Hecla Mining Company said this morning that it would close the Lucky Friday silver mine for a year to clean its main shaft as required by federal regulators, a move that will put 200-some miners and contract workers out of jobs.
The Coeur d’Alene company’s stock tumbled on the news to its lowest price in nearly two years. It closed down $1.23, or 21 percent, to $4.61. It was the lowest closing for Hecla since Feb. 8, 2010.
Federal mine inspectors, who are investigating accidents at the Mullan, Idaho, mine, closed down Lucky Friday’s main shaft last week as a result of hazards associated with sand and gravel buildup in the shaft. The vertical shaft is the underground silver mine’s main entrance and exit, and hauls both workers and materials.
Inspectors closed the shaft last Friday after determining that conditions flagged during a Dec. 20 inspection had not been fixed, said Amy Louviere, a spokeswoman for the federal Mine Safety and Health Administration (MSHA).
Hecla voluntarily closed a shaft providing secondary access to the mine on Friday until repairs are made. That shaft had also been cited for loose material, Louviere said.
In a news release, Hecla said compliance with the federal order “is expected to take through year-end.” The company added, “Production is expected to resume in early 2013.”
As a result, Hecla revised its expected 2012 silver production to about 7 million ounces, down from 9.5 million ounces.
The work involves shaving cement-like material from the sides of the shaft. The thickness of the material varies.
Two miners working for Hecla died at the Lucky Friday Mine last year. Larry “Pete” Marek, 53, was crushed under a 25-foot-high rock pile when his work area collapsed April 15. Brandon Lloyd Gray, 26, was buried in rubble Nov. 17 while trying to dislodge jammed rock. He died two days later.
In mid-December, seven miners were injured in a rock burst at the mine. Hecla said it would tunnel a 750-foot bypass to route workers away from a portion of the mile-long corridor where that rock burst happened.
About 275 people work at the mine.
During a conference call with analysts, Hecla CEO and president Phillips S. Baker, Jr., said to his knowledge, only one accident has ever been caused by the cement-like material falling — “it cut someone’s hand or someone’s face.”
He emphasized that “this is not the same rock burst issue” that caused Marek’s death and injured the miners in December.
The work on the mine and money spent to keep it operational in the year will cost about $20 million, Baker said.
He said he’s hoping that some employees could transfer to Hecla’s other mines to accelerate work at those properties in an effort to maximize production while the Lucky Friday is shut down. He estimated 40 to 50 people might be re-deployed in that fashion.
Hecla mines silver and gold in the U.S. and Mexico.
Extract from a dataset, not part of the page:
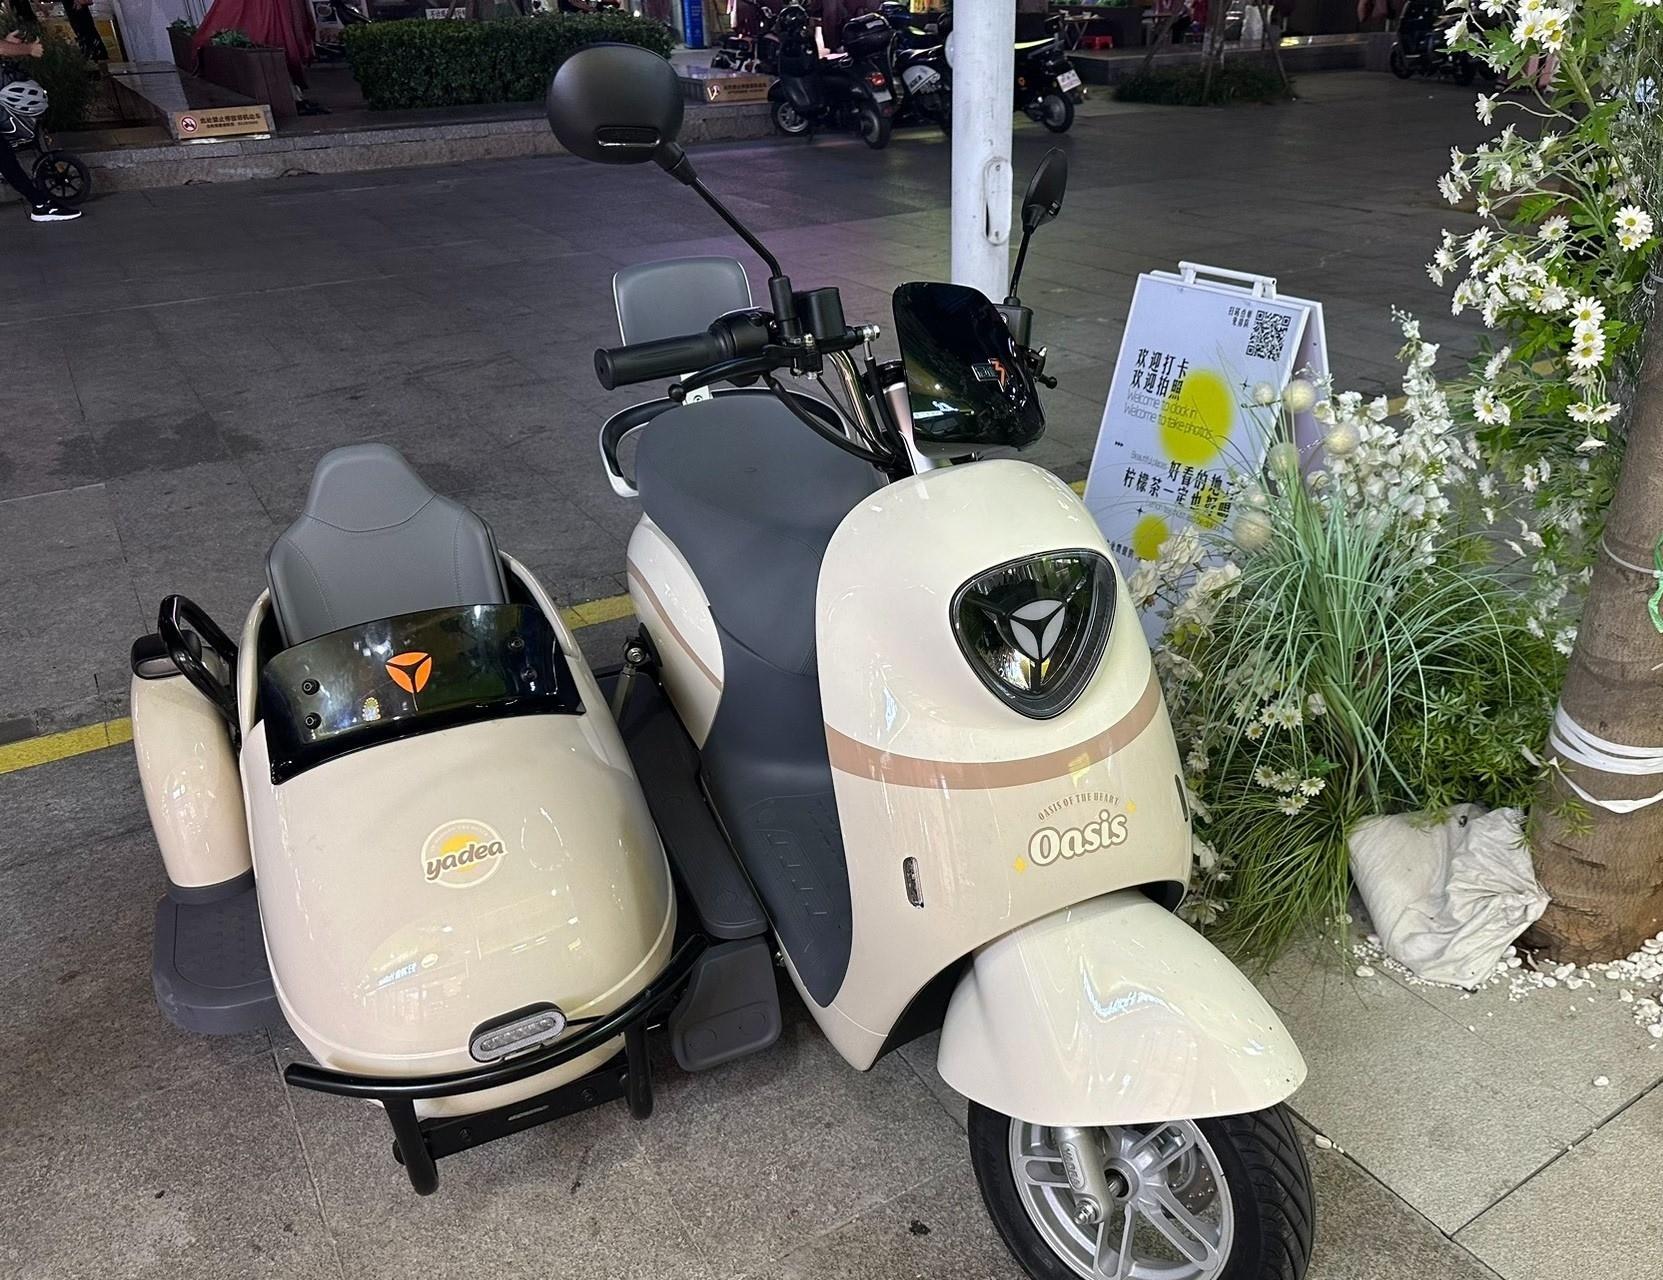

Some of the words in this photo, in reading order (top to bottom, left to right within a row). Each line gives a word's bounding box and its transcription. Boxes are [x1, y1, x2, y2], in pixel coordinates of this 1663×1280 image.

Baker said Hecla officials are not aware of any other mines being required to clean their shafts as MSHA is requiring of the Lucky Friday.
Analysts involved in the conference call today clearly were dubious of the order, but Baker turned aside that speculation.
“With respect to attributing some larger intent to MSHA, I wouldn’t suggest they have any intent to do anything other than what they’re mandated, which is to ensure we have safe operations,” he said. “While we may disagree, we wouldn’t suggest that they have any bad intent on their part.”
Baker said the company is considering an appeal of the shut-down order relating to the main silver shaft.
The Lucky Friday has been under a closure order since Dec. 14, when a rock burst injured seven miners. However, federal inspectors had modified the closure order to allow access to some areas of the mine, Louviere said.